*** PROVIDED INFORMATION ***
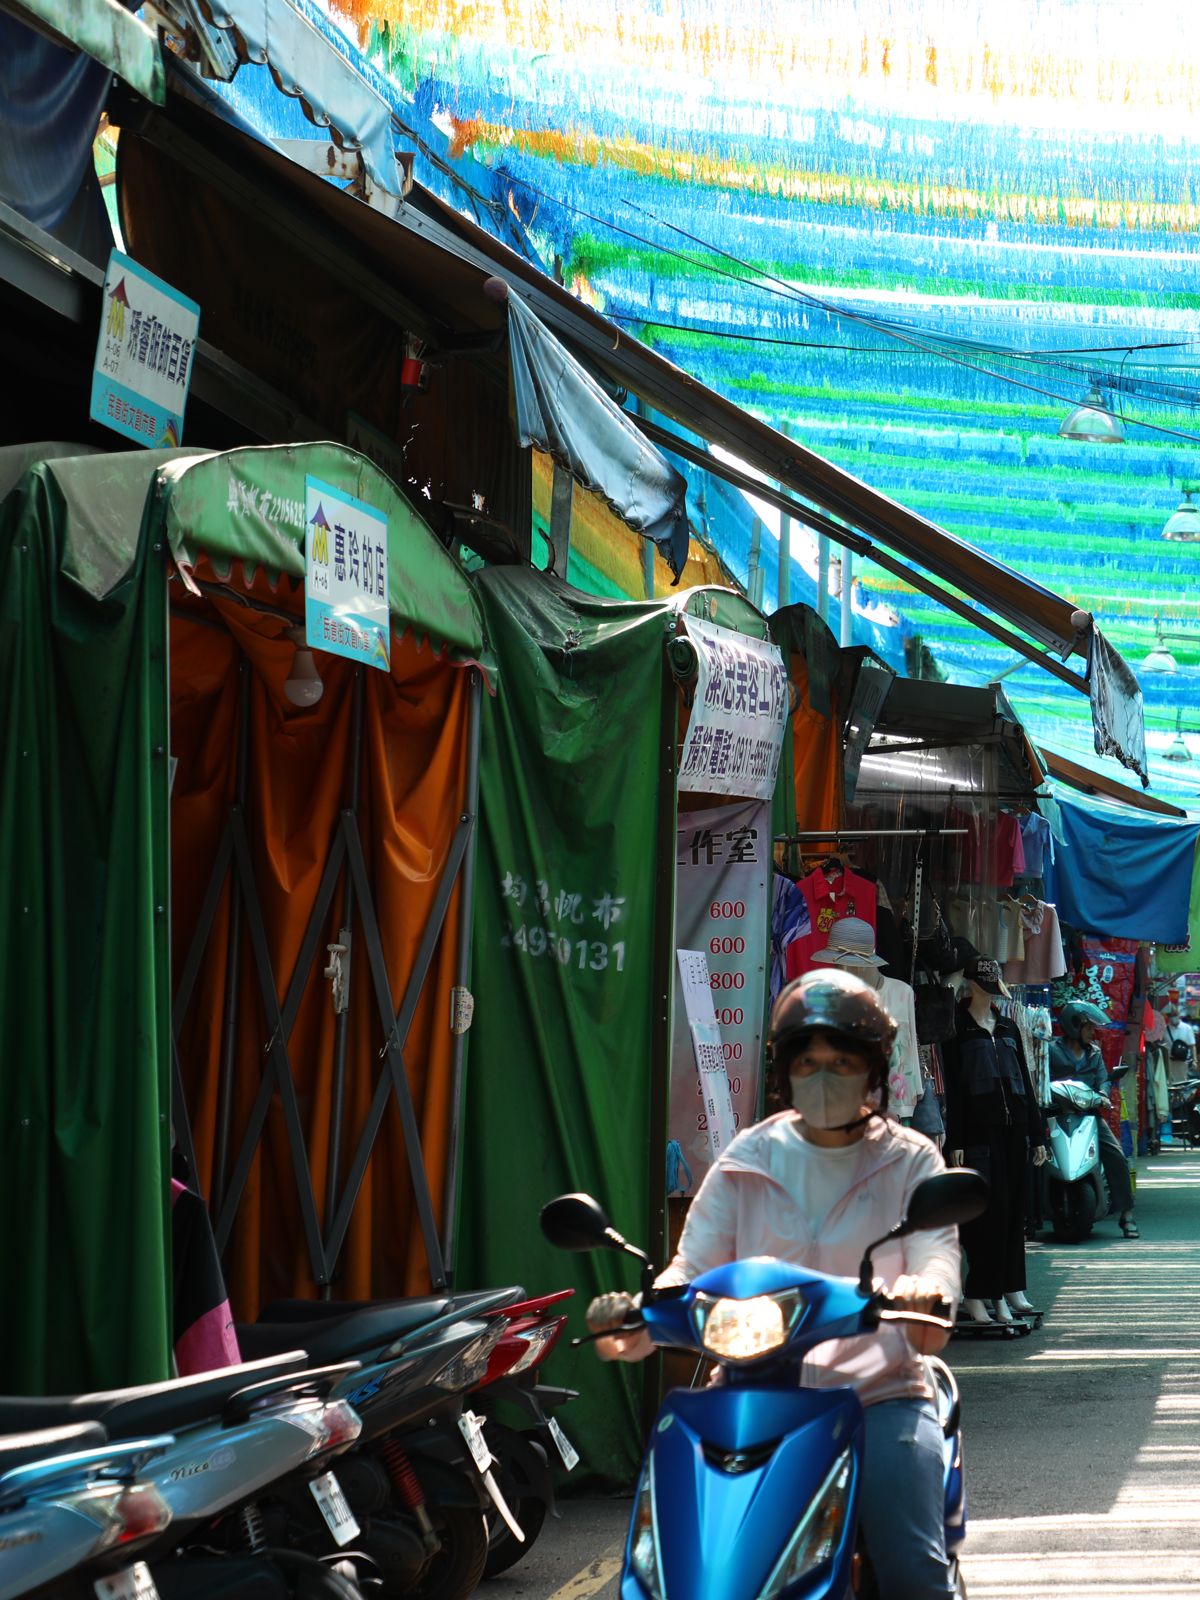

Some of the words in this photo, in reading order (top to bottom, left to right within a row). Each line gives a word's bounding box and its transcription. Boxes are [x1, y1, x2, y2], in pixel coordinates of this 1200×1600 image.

[334, 522, 385, 600] 惠玲的店
[710, 901, 745, 918] 600
[710, 937, 745, 954] 600
[710, 972, 745, 990] 800
*** End of PROVIDED INFORMATION ***
EXERCISE DETAILS -
Without the pictures, give every line above again exactly.

EXPECTED ANSWER -
Some of the words in this photo, in reading order (top to bottom, left to right within a row). Each line gives a word's bounding box and its transcription. Boxes are [x1, y1, x2, y2], in pixel coordinates of this 1200×1600 image.

[334, 522, 385, 600] 惠玲的店
[710, 901, 745, 918] 600
[710, 937, 745, 954] 600
[710, 972, 745, 990] 800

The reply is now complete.